Task: Your answer must be an exact copy of the entries below, with every picture removed.

BEGIN Provided entries

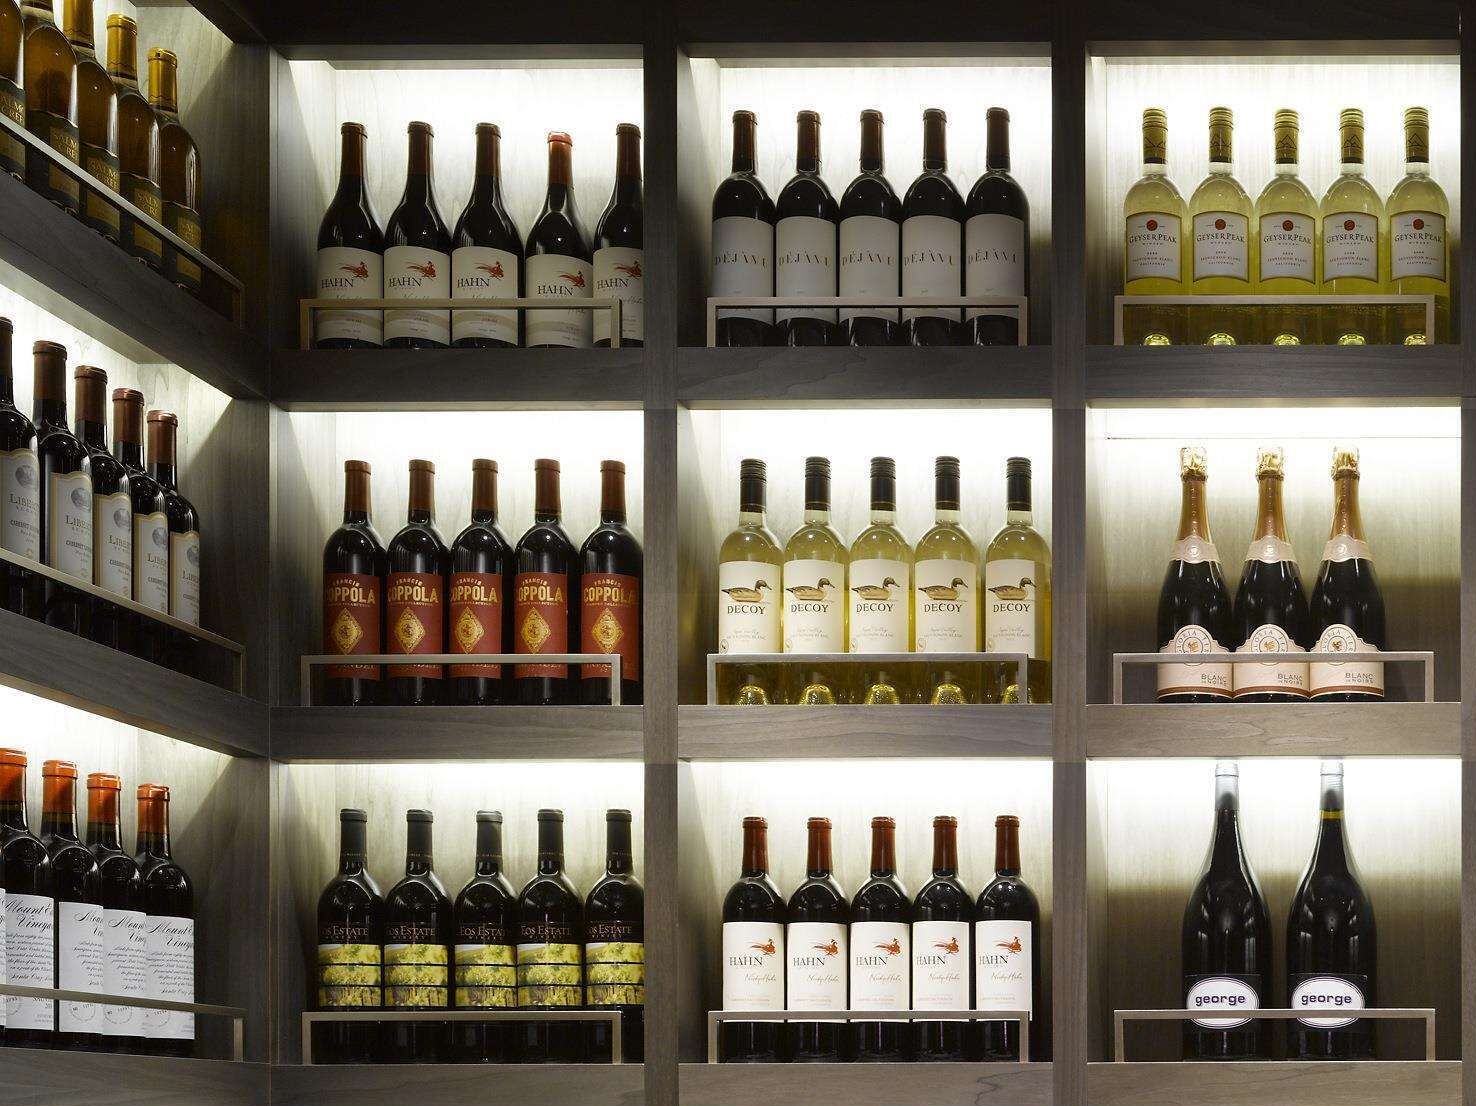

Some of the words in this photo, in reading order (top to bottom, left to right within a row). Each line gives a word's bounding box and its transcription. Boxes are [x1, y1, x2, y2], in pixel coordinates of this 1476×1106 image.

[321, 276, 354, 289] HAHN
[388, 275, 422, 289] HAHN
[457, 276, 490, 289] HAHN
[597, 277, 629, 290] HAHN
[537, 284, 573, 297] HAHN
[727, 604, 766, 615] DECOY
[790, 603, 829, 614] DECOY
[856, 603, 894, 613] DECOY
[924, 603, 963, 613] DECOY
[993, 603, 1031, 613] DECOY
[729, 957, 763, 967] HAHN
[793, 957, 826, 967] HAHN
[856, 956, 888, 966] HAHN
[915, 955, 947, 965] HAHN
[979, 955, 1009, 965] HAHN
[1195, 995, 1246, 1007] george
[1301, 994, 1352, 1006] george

END Provided entries

Output:
Some of the words in this photo, in reading order (top to bottom, left to right within a row). Each line gives a word's bounding box and its transcription. Boxes are [x1, y1, x2, y2], in pixel coordinates of this 1476×1106 image.

[321, 276, 354, 289] HAHN
[388, 275, 422, 289] HAHN
[457, 276, 490, 289] HAHN
[597, 277, 629, 290] HAHN
[537, 284, 573, 297] HAHN
[727, 604, 766, 615] DECOY
[790, 603, 829, 614] DECOY
[856, 603, 894, 613] DECOY
[924, 603, 963, 613] DECOY
[993, 603, 1031, 613] DECOY
[729, 957, 763, 967] HAHN
[793, 957, 826, 967] HAHN
[856, 956, 888, 966] HAHN
[915, 955, 947, 965] HAHN
[979, 955, 1009, 965] HAHN
[1195, 995, 1246, 1007] george
[1301, 994, 1352, 1006] george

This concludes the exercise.